Legal scholars and civil liberties groups say Trump’s order, which seeks to reinterpret the 14th Amendment in an effort to prevent migrants from crossing into the United States to have U.S. citizen children, is illegal, and 22 states and D.C. have joined legal challenges to it. Through the order, the Trump says it wants to deny automatic U.S. citizenship for children born to undocumented immigrants and foreign visitors. “Birthright citizenship is part of what makes the United States the strong and dynamic nation that it is,” Anthony D. Romero, executive director of the American Civil Liberties Union, said in a statement.

The Supreme Court on Thursday held a session reviewing a case involving Trump’s effort to end birthright citizenship. The judges are not considering the constitutionality of his order, but instead are looking at his administration’s request for judges to lift injunctions imposed by lower-court judges that have temporarily blocked the policy from taking effect.
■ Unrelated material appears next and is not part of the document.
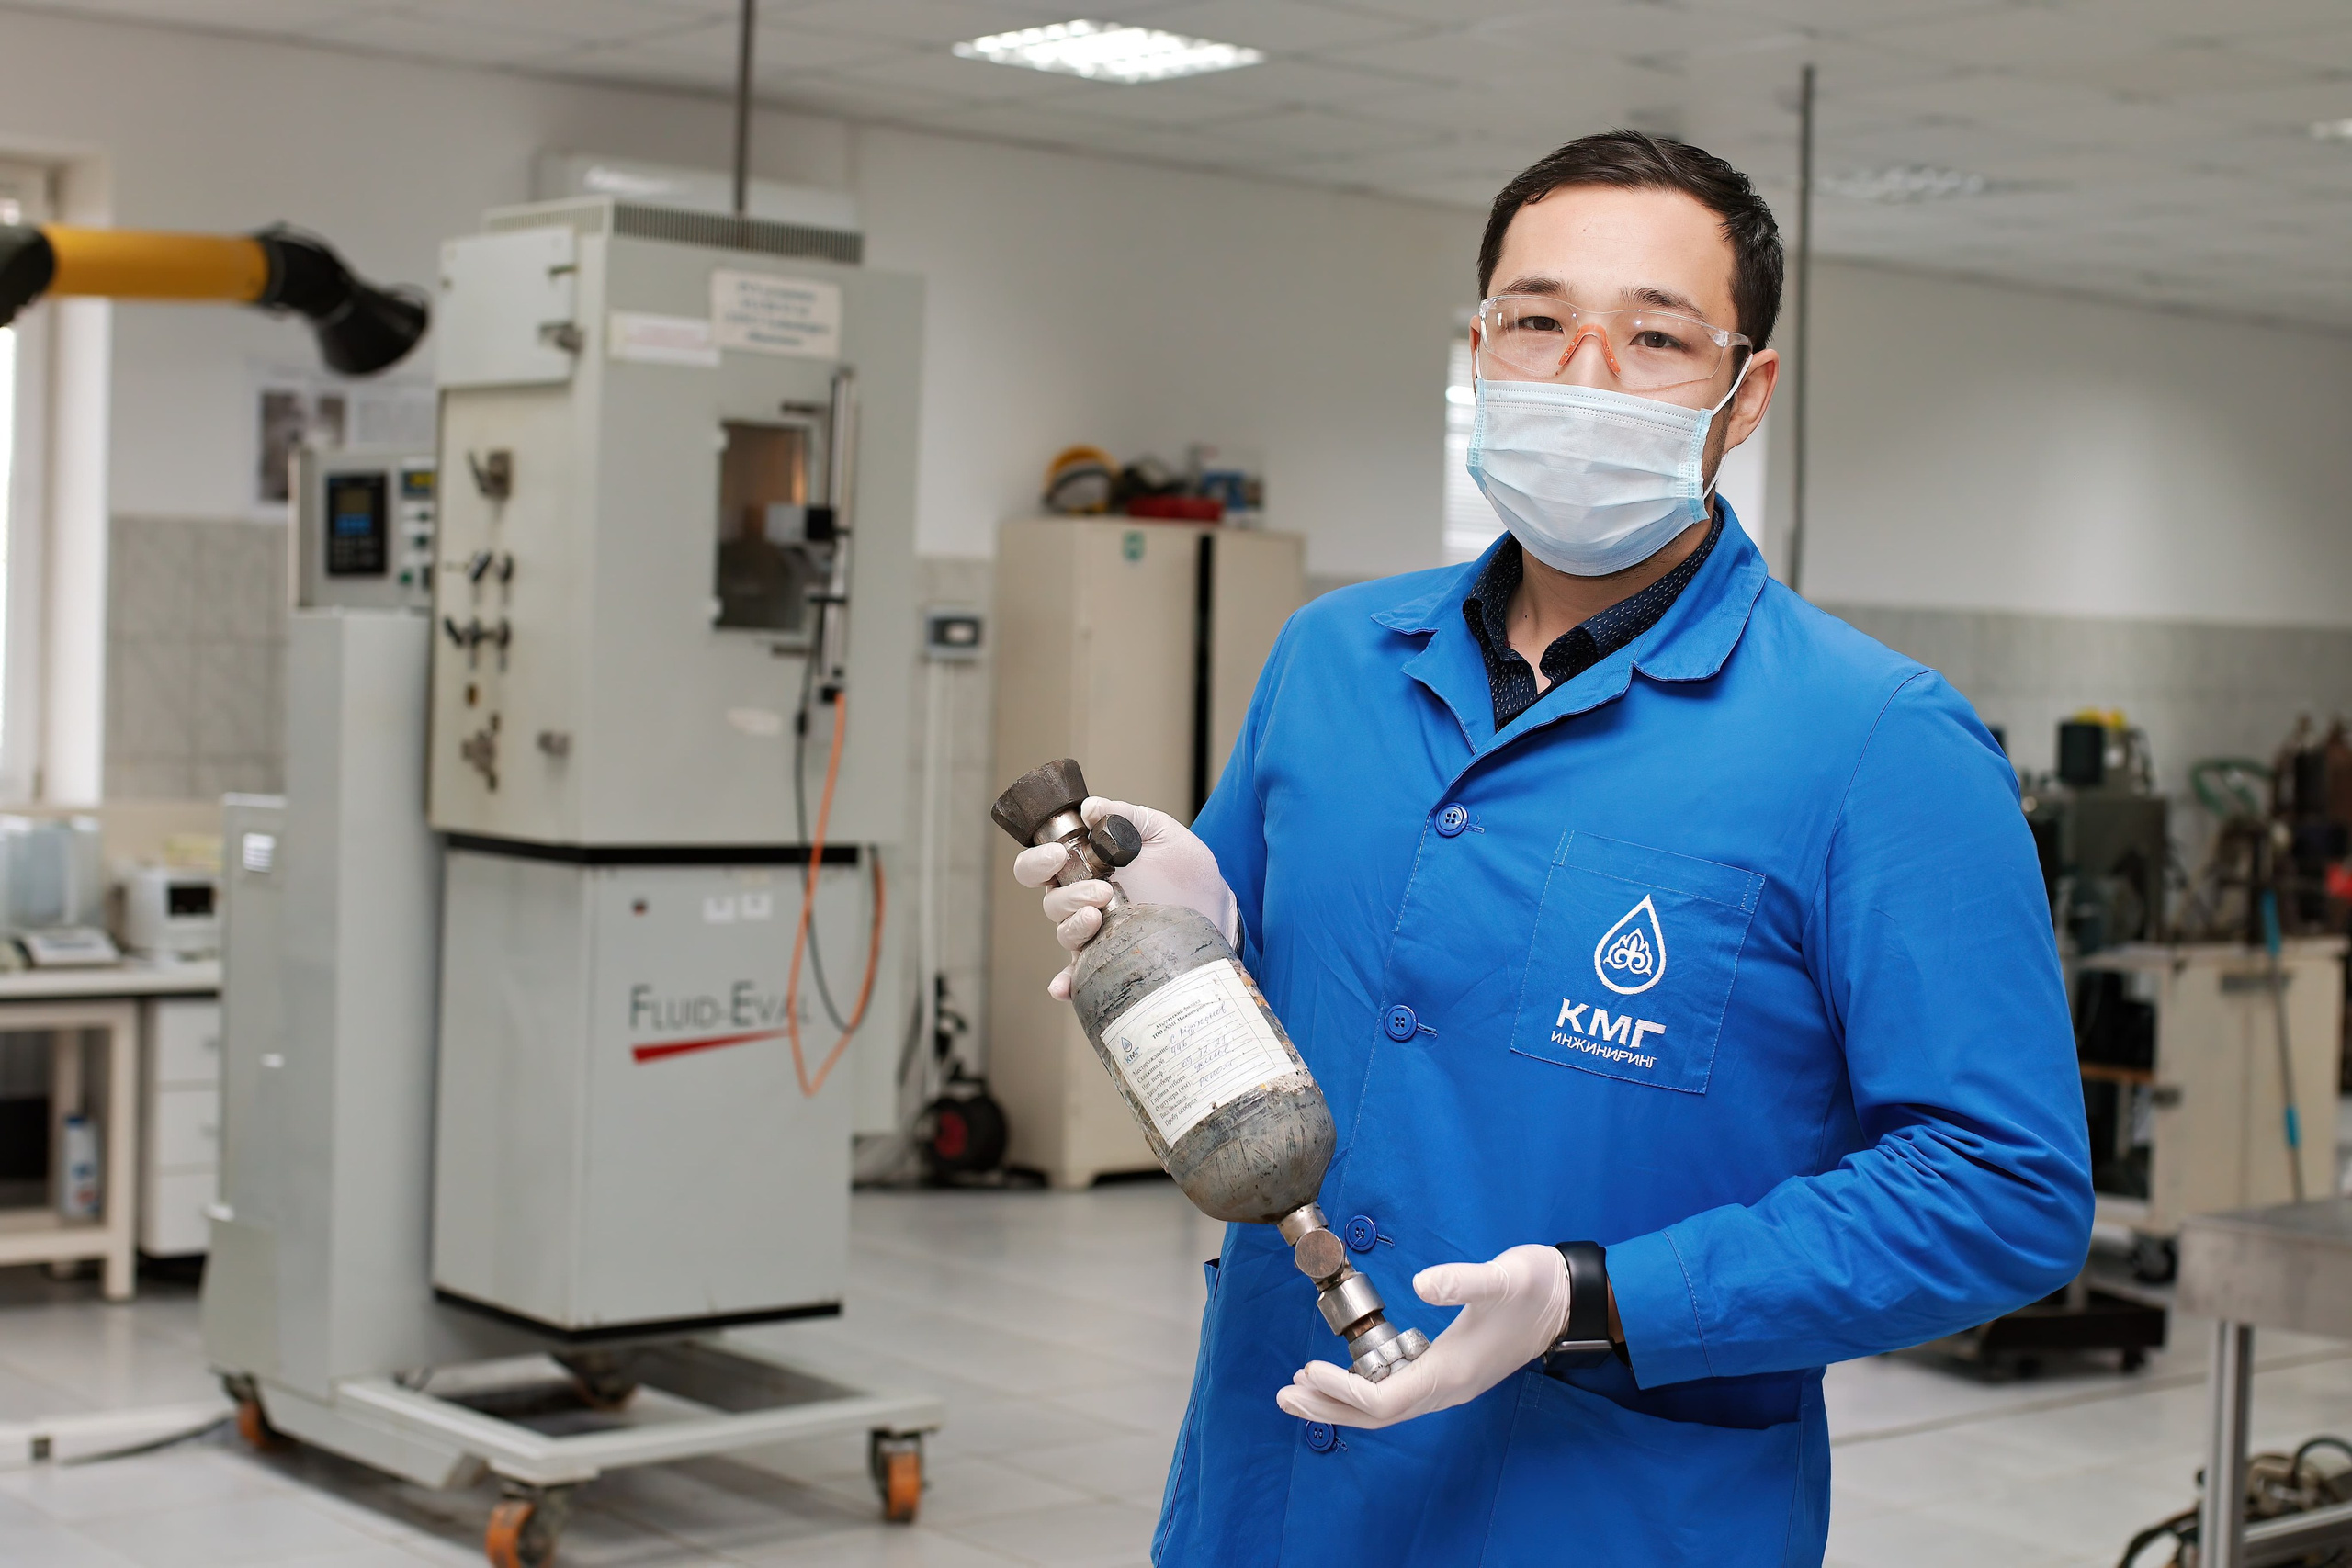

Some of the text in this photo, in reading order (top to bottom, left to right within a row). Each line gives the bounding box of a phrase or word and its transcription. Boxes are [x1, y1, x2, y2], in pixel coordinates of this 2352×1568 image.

[1555, 997, 1667, 1048] КМГ
[1125, 1047, 1139, 1064] КМГ
[1550, 1030, 1657, 1069] ИНЖИНИРИНГ
Trump has falsely claimed that the United States is alone in offering birthright citizenship; in fact more than 30 countries do, including Canada, Mexico and many Western nations with a colonial history. More than 20 countries have reversed or rolled back their policies. “It has been challenged many times by countries pressed by immigration,” said Graziella Bertocchi, an economics professor at the University of Modena and Reggio Emilia in Italy who studies the effects of immigration and citizenship. “Trump is not the first.”

What to know:

- Birthright citizenship, or jus soli, is a right enshrined in the U.S. Constitution that automatically grants citizenship to any person born on U.S. soil, regardless of their parents’ nationality.

- Trump’s order stipulates that his administration will no longer recognize automatic citizenship for children born on U.S. soil to parents who lack legal status, as well as children born to noncitizen parents who are in the country on temporary work, student or tourist visas.

- The majority of countries with unconditional birthright citizenship are in the Americas and the Caribbean, their policies a legacy of colonial times. French demographer Jean-Francois Mignot has written that, upon independence, the new countries allowed birthright citizenship to attract European immigrants and retained those policies to this day.

- All Central American countries have birthright citizenship, in addition to the United States, Canada and Mexico, according to the Global Legal Research Directorate of the Law Library of Congress: Guatemala, Belize, El Salvador, Honduras, Nicaragua and Panama. Costa Rica has birthright citizenship, but it requires registration.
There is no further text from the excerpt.